Tuesday, 31 December 2024

Woolly Christmas Trees

The Meldrum Church Christmas Tree Project runs throughout December and is now in its fourth year.  Our village church is decorated with trees contributed by local community groups, raising awareness, appealing for volunteers or just showing we exist! 

The first year my local knitting group, The Naughty Knitters, contributed a tree was 2022 - and it was made entirely from pompoms!  

My lovely late father-in-law made this tree, with its broom handle trunk and dowling branches, ages ago for me when I used to help out at Sunday School. 

 
After liberating it from the attic, and covering it in gold tinsel, I hung every pompom the knit group had made on it and added some fairy lights.  Voila - our very simple, but effective, first tree!


We'd more time to prepare for Christmas 2023 and the knit group started knitting these mini Santa hats well ahead of time.  They're designed to fit over a Fererro Rocher chocolate making cute, edible Christmas ornaments.  Small amounts of leftover wool in red, green and white were knitted up.  By the end of November we had collectively knitted over 100!  Some required a little finessing so I attached hanging loops, sewed on jingly bells and glued on tiny pompoms as required. 


Over the years I'd accumulated a lot of metal knitting needles, mostly unwanted craft supplies folks thought I could use or some, just one half of a pair.  The talented supportive spouse of one of our members (a retired engineer) fashioned them into a Christmas tree for our display.  Hanging up all our tiny knitted hats was very satisfying.

Ethmay helping to hang the hats!
We'd always intended to give the hats to Susan, our knit group member who fundraises tirelessly for the cancer unit at Aberdeen Royal Infirmary.  


With Fererro Rocher generously donated by Oldmeldrum COOP, Susan was able to fill the hats and sell them at Meldrum Primary's Christmas Fair.  So far she's raised £67!

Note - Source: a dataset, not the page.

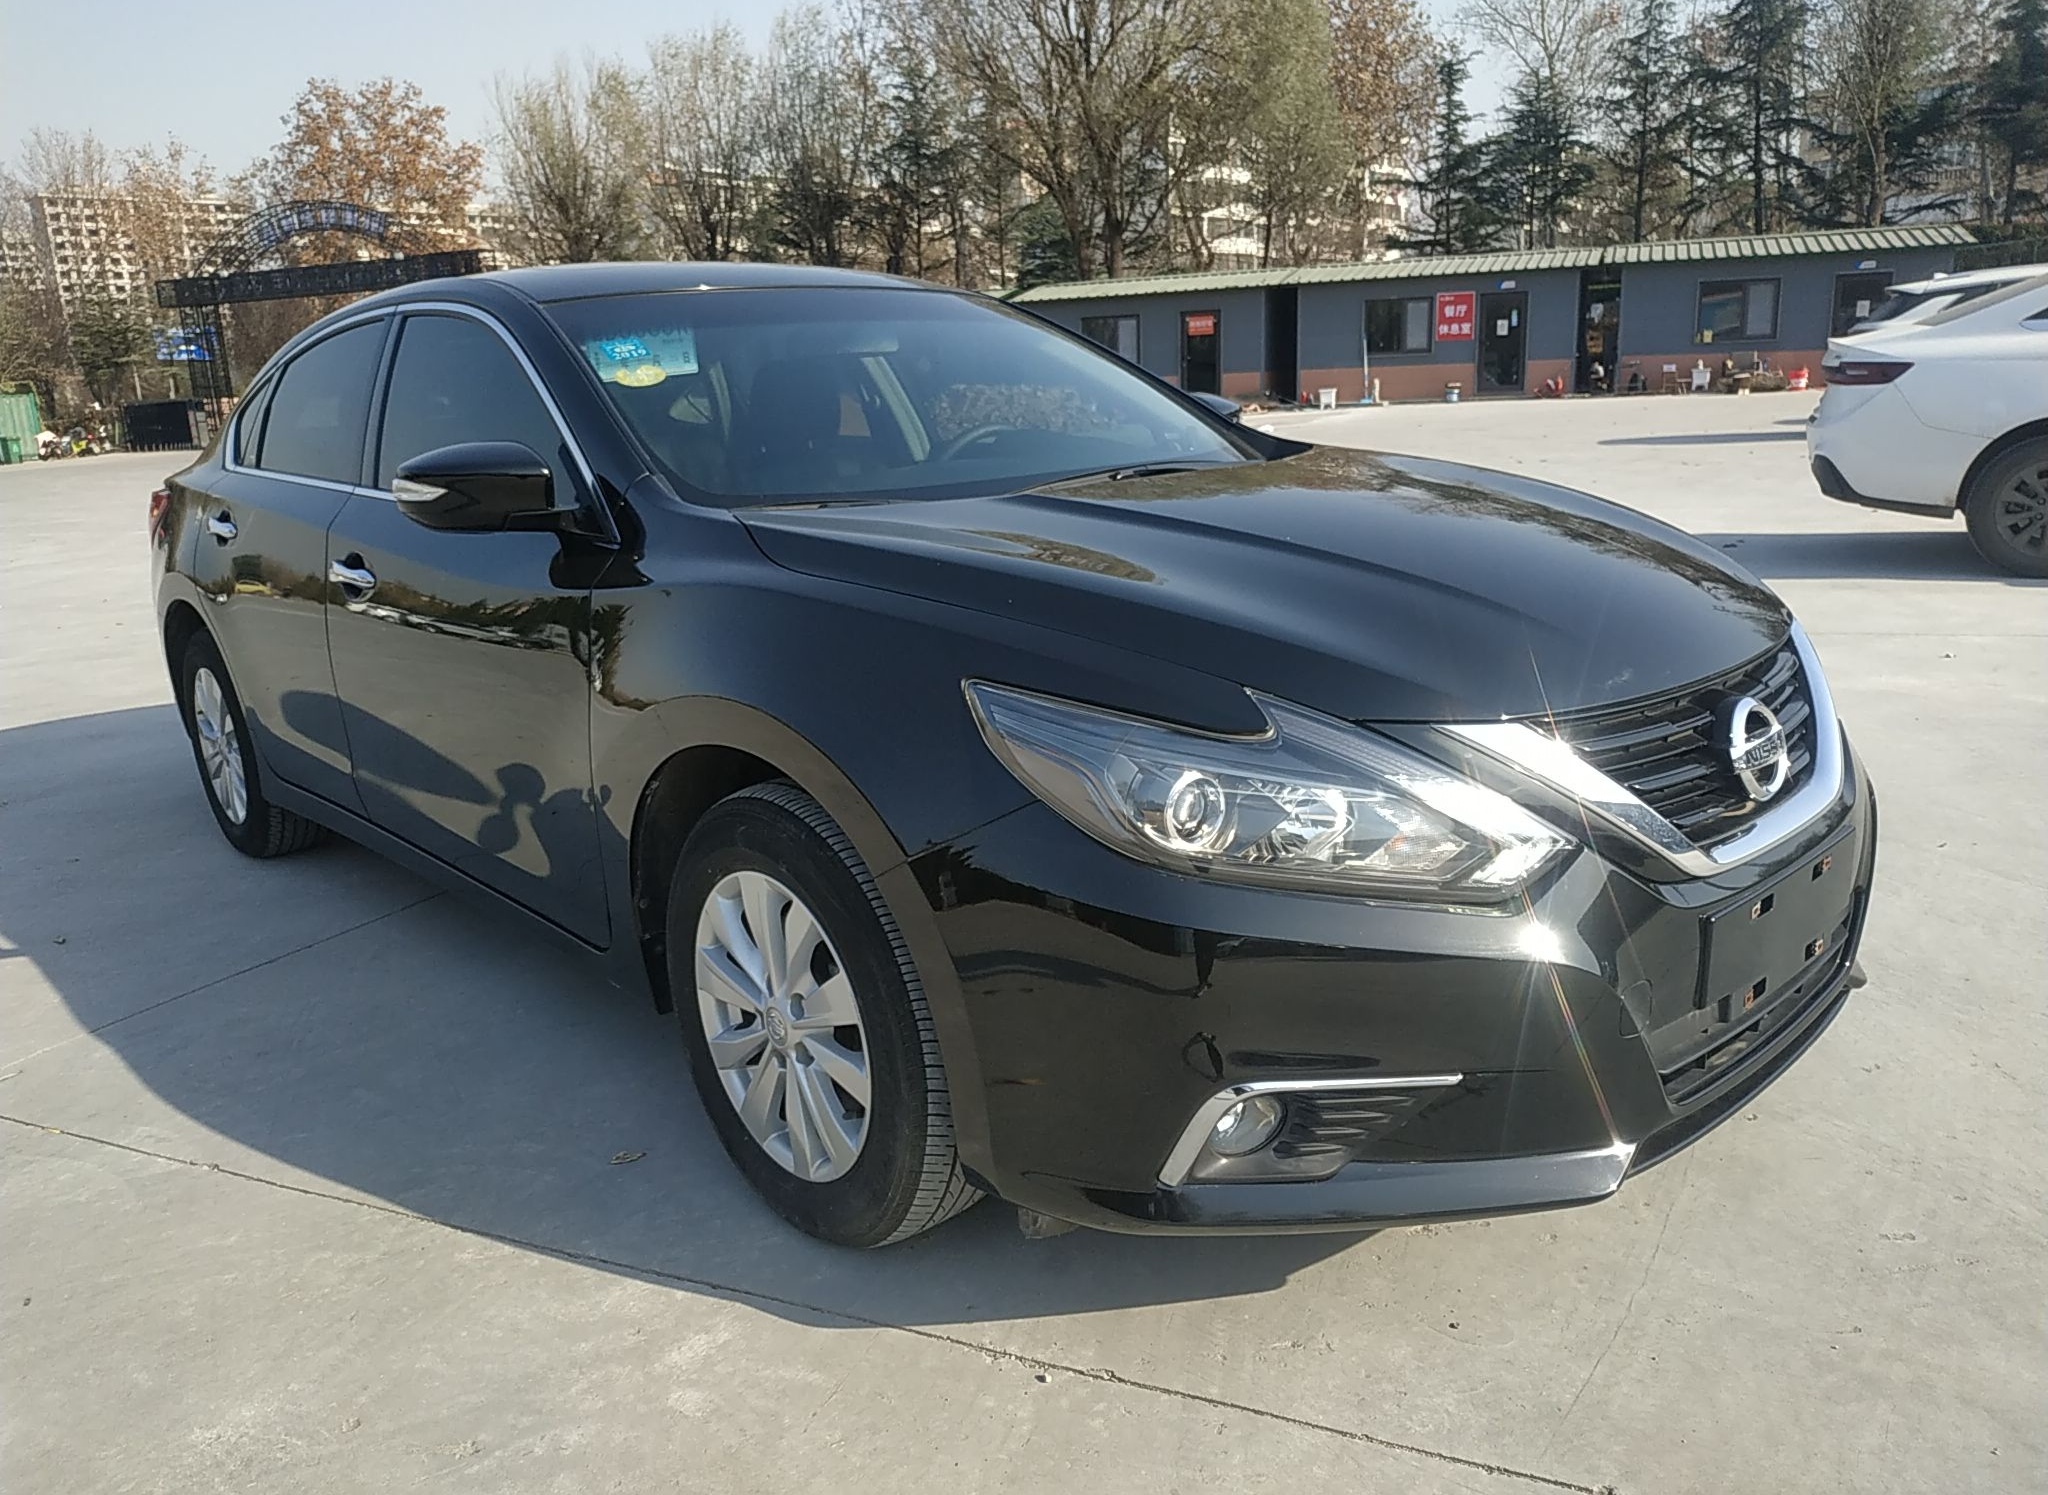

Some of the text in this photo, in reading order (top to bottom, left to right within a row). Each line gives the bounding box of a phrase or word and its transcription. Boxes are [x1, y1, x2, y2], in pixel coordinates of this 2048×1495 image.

[1444, 304, 1468, 318] 餐厅
[611, 348, 647, 361] 2019
[1746, 731, 1784, 765] NISS

How to top that?  Well, during the latter half of 2024, the knit group decided to knit hats using any shade of green wool to decorate this year's tree.  Here's my contribution - three adult hats and two for kids.


As a group, we managed to use up a lot of  leftover green wool and knit a total of  64 hats and nine pairs of mittens.  We are not primarily charity knitters and fit this knitting in between our other personal knitting projects.  There's no obligation to take part - but everyone does!

This time the hats were attached to a traditional tree using clothes pegs I'd sprayed with silver paint.  Adding white lights enhanced the tree without detracting from the hats.  

It's our intention, after Christmas, to donate the adult hats to a charity for the homeless and the kid's hats and mittens to a local group which supports families in need.

Such is the enthusiasm of The Naughty Knitters, I've already received suggestions for next year's tree!


The 12 strong Oldmeldrum Naughty Knitters meet every Wednesday morning at Lochter.